(Stored records)
+++++
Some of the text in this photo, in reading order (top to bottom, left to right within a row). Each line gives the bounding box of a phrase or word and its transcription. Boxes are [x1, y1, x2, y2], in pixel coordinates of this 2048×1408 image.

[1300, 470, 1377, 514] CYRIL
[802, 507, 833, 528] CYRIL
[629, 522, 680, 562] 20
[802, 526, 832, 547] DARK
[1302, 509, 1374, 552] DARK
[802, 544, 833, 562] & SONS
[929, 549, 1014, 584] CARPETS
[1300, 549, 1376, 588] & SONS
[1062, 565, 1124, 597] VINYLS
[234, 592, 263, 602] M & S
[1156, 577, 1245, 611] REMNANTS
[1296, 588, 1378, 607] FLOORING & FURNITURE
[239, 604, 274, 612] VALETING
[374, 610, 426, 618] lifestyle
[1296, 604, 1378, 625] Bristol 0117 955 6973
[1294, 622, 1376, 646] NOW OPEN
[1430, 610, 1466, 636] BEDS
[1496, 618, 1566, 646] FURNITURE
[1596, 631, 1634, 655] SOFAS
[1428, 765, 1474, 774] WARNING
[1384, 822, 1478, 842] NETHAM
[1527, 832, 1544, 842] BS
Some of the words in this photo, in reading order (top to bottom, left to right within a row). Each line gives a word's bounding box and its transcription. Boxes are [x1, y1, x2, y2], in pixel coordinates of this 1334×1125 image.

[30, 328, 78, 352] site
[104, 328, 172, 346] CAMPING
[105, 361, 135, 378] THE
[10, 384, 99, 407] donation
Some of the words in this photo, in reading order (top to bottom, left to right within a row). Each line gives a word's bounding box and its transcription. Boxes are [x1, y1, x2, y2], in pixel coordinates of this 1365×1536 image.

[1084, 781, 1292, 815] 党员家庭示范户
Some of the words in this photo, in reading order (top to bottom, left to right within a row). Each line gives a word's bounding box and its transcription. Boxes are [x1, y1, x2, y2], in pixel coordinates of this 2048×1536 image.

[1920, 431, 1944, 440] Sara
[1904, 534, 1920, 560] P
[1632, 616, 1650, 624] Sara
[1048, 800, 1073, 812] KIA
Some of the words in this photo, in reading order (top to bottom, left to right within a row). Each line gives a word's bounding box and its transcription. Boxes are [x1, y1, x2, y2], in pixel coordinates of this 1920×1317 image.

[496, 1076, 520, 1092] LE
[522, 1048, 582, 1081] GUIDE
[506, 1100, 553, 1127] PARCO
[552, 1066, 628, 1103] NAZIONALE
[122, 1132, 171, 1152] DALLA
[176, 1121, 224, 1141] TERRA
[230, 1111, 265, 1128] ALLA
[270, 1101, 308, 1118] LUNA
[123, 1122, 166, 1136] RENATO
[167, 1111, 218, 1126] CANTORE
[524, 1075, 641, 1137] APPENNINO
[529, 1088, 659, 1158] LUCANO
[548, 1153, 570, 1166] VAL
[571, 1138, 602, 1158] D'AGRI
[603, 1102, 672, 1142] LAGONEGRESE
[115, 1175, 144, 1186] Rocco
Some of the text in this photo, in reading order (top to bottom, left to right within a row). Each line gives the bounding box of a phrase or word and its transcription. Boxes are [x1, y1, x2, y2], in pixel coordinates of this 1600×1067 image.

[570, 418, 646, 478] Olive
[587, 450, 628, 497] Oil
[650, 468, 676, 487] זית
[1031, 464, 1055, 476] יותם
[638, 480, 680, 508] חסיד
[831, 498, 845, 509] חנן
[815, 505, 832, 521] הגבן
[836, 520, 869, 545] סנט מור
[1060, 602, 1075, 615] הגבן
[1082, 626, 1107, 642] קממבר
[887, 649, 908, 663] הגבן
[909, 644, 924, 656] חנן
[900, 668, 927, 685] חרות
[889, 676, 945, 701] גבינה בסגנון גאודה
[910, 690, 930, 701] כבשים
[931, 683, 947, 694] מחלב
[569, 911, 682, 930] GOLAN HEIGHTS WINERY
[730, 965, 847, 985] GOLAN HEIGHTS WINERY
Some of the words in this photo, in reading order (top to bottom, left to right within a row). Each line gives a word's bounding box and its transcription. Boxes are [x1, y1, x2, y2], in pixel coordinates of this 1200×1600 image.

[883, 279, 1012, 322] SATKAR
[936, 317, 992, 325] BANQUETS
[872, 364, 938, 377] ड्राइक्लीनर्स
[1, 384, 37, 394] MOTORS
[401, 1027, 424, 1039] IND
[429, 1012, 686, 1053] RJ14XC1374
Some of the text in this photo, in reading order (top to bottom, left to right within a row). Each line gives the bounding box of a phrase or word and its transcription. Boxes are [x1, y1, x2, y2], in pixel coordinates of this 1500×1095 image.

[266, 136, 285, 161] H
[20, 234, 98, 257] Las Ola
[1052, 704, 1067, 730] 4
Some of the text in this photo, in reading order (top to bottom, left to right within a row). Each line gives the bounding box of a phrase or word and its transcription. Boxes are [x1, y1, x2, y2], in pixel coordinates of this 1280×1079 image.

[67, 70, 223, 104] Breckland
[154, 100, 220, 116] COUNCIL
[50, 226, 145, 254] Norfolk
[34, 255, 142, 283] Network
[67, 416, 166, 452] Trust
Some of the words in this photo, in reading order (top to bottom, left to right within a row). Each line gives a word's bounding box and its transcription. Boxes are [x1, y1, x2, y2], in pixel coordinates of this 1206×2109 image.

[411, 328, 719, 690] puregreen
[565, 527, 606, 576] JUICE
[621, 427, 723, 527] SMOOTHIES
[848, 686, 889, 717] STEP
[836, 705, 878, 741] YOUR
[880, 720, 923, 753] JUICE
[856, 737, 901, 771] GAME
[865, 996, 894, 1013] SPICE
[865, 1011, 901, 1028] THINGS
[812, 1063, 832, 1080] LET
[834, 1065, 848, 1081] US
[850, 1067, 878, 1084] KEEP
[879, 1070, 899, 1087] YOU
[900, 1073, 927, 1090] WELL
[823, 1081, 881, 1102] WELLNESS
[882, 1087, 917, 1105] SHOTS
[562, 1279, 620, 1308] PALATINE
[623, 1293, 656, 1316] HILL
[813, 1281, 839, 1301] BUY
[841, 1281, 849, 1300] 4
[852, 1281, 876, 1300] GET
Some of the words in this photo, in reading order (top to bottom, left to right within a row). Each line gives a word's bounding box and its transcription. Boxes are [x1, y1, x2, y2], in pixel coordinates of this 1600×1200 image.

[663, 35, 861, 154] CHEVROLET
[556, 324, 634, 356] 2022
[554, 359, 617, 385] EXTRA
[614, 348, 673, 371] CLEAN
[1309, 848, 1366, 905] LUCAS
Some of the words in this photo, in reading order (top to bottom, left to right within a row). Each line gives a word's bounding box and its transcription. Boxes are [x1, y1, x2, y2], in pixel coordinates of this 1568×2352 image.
+++++
§ **ACTION ITEM**
Word for word, repeat every entry listed above.

§ **OUTPUT FOR THIS EXERCISE**
Some of the text in this photo, in reading order (top to bottom, left to right within a row). Each line gives the bounding box of a phrase or word and its transcription. Boxes are [x1, y1, x2, y2], in pixel coordinates of this 2048×1408 image.

[1300, 470, 1377, 514] CYRIL
[802, 507, 833, 528] CYRIL
[629, 522, 680, 562] 20
[802, 526, 832, 547] DARK
[1302, 509, 1374, 552] DARK
[802, 544, 833, 562] & SONS
[929, 549, 1014, 584] CARPETS
[1300, 549, 1376, 588] & SONS
[1062, 565, 1124, 597] VINYLS
[234, 592, 263, 602] M & S
[1156, 577, 1245, 611] REMNANTS
[1296, 588, 1378, 607] FLOORING & FURNITURE
[239, 604, 274, 612] VALETING
[374, 610, 426, 618] lifestyle
[1296, 604, 1378, 625] Bristol 0117 955 6973
[1294, 622, 1376, 646] NOW OPEN
[1430, 610, 1466, 636] BEDS
[1496, 618, 1566, 646] FURNITURE
[1596, 631, 1634, 655] SOFAS
[1428, 765, 1474, 774] WARNING
[1384, 822, 1478, 842] NETHAM
[1527, 832, 1544, 842] BS
Some of the words in this photo, in reading order (top to bottom, left to right within a row). Each line gives a word's bounding box and its transcription. Boxes are [x1, y1, x2, y2], in pixel coordinates of this 1334×1125 image.

[30, 328, 78, 352] site
[104, 328, 172, 346] CAMPING
[105, 361, 135, 378] THE
[10, 384, 99, 407] donation
Some of the words in this photo, in reading order (top to bottom, left to right within a row). Each line gives a word's bounding box and its transcription. Boxes are [x1, y1, x2, y2], in pixel coordinates of this 1365×1536 image.

[1084, 781, 1292, 815] 党员家庭示范户
Some of the words in this photo, in reading order (top to bottom, left to right within a row). Each line gives a word's bounding box and its transcription. Boxes are [x1, y1, x2, y2], in pixel coordinates of this 2048×1536 image.

[1920, 431, 1944, 440] Sara
[1904, 534, 1920, 560] P
[1632, 616, 1650, 624] Sara
[1048, 800, 1073, 812] KIA
Some of the words in this photo, in reading order (top to bottom, left to right within a row). Each line gives a word's bounding box and its transcription. Boxes are [x1, y1, x2, y2], in pixel coordinates of this 1920×1317 image.

[496, 1076, 520, 1092] LE
[522, 1048, 582, 1081] GUIDE
[506, 1100, 553, 1127] PARCO
[552, 1066, 628, 1103] NAZIONALE
[122, 1132, 171, 1152] DALLA
[176, 1121, 224, 1141] TERRA
[230, 1111, 265, 1128] ALLA
[270, 1101, 308, 1118] LUNA
[123, 1122, 166, 1136] RENATO
[167, 1111, 218, 1126] CANTORE
[524, 1075, 641, 1137] APPENNINO
[529, 1088, 659, 1158] LUCANO
[548, 1153, 570, 1166] VAL
[571, 1138, 602, 1158] D'AGRI
[603, 1102, 672, 1142] LAGONEGRESE
[115, 1175, 144, 1186] Rocco
Some of the text in this photo, in reading order (top to bottom, left to right within a row). Each line gives the bounding box of a phrase or word and its transcription. Boxes are [x1, y1, x2, y2], in pixel coordinates of this 1600×1067 image.

[570, 418, 646, 478] Olive
[587, 450, 628, 497] Oil
[650, 468, 676, 487] זית
[1031, 464, 1055, 476] יותם
[638, 480, 680, 508] חסיד
[831, 498, 845, 509] חנן
[815, 505, 832, 521] הגבן
[836, 520, 869, 545] סנט מור
[1060, 602, 1075, 615] הגבן
[1082, 626, 1107, 642] קממבר
[887, 649, 908, 663] הגבן
[909, 644, 924, 656] חנן
[900, 668, 927, 685] חרות
[889, 676, 945, 701] גבינה בסגנון גאודה
[910, 690, 930, 701] כבשים
[931, 683, 947, 694] מחלב
[569, 911, 682, 930] GOLAN HEIGHTS WINERY
[730, 965, 847, 985] GOLAN HEIGHTS WINERY
Some of the words in this photo, in reading order (top to bottom, left to right within a row). Each line gives a word's bounding box and its transcription. Boxes are [x1, y1, x2, y2], in pixel coordinates of this 1200×1600 image.

[883, 279, 1012, 322] SATKAR
[936, 317, 992, 325] BANQUETS
[872, 364, 938, 377] ड्राइक्लीनर्स
[1, 384, 37, 394] MOTORS
[401, 1027, 424, 1039] IND
[429, 1012, 686, 1053] RJ14XC1374
Some of the text in this photo, in reading order (top to bottom, left to right within a row). Each line gives the bounding box of a phrase or word and its transcription. Boxes are [x1, y1, x2, y2], in pixel coordinates of this 1500×1095 image.

[266, 136, 285, 161] H
[20, 234, 98, 257] Las Ola
[1052, 704, 1067, 730] 4
Some of the text in this photo, in reading order (top to bottom, left to right within a row). Each line gives the bounding box of a phrase or word and its transcription. Boxes are [x1, y1, x2, y2], in pixel coordinates of this 1280×1079 image.

[67, 70, 223, 104] Breckland
[154, 100, 220, 116] COUNCIL
[50, 226, 145, 254] Norfolk
[34, 255, 142, 283] Network
[67, 416, 166, 452] Trust
Some of the words in this photo, in reading order (top to bottom, left to right within a row). Each line gives a word's bounding box and its transcription. Boxes are [x1, y1, x2, y2], in pixel coordinates of this 1206×2109 image.

[411, 328, 719, 690] puregreen
[565, 527, 606, 576] JUICE
[621, 427, 723, 527] SMOOTHIES
[848, 686, 889, 717] STEP
[836, 705, 878, 741] YOUR
[880, 720, 923, 753] JUICE
[856, 737, 901, 771] GAME
[865, 996, 894, 1013] SPICE
[865, 1011, 901, 1028] THINGS
[812, 1063, 832, 1080] LET
[834, 1065, 848, 1081] US
[850, 1067, 878, 1084] KEEP
[879, 1070, 899, 1087] YOU
[900, 1073, 927, 1090] WELL
[823, 1081, 881, 1102] WELLNESS
[882, 1087, 917, 1105] SHOTS
[562, 1279, 620, 1308] PALATINE
[623, 1293, 656, 1316] HILL
[813, 1281, 839, 1301] BUY
[841, 1281, 849, 1300] 4
[852, 1281, 876, 1300] GET
Some of the words in this photo, in reading order (top to bottom, left to right within a row). Each line gives a word's bounding box and its transcription. Boxes are [x1, y1, x2, y2], in pixel coordinates of this 1600×1200 image.

[663, 35, 861, 154] CHEVROLET
[556, 324, 634, 356] 2022
[554, 359, 617, 385] EXTRA
[614, 348, 673, 371] CLEAN
[1309, 848, 1366, 905] LUCAS
Some of the words in this photo, in reading order (top to bottom, left to right within a row). Each line gives a word's bounding box and its transcription. Boxes are [x1, y1, x2, y2], in pixel coordinates of this 1568×2352 image.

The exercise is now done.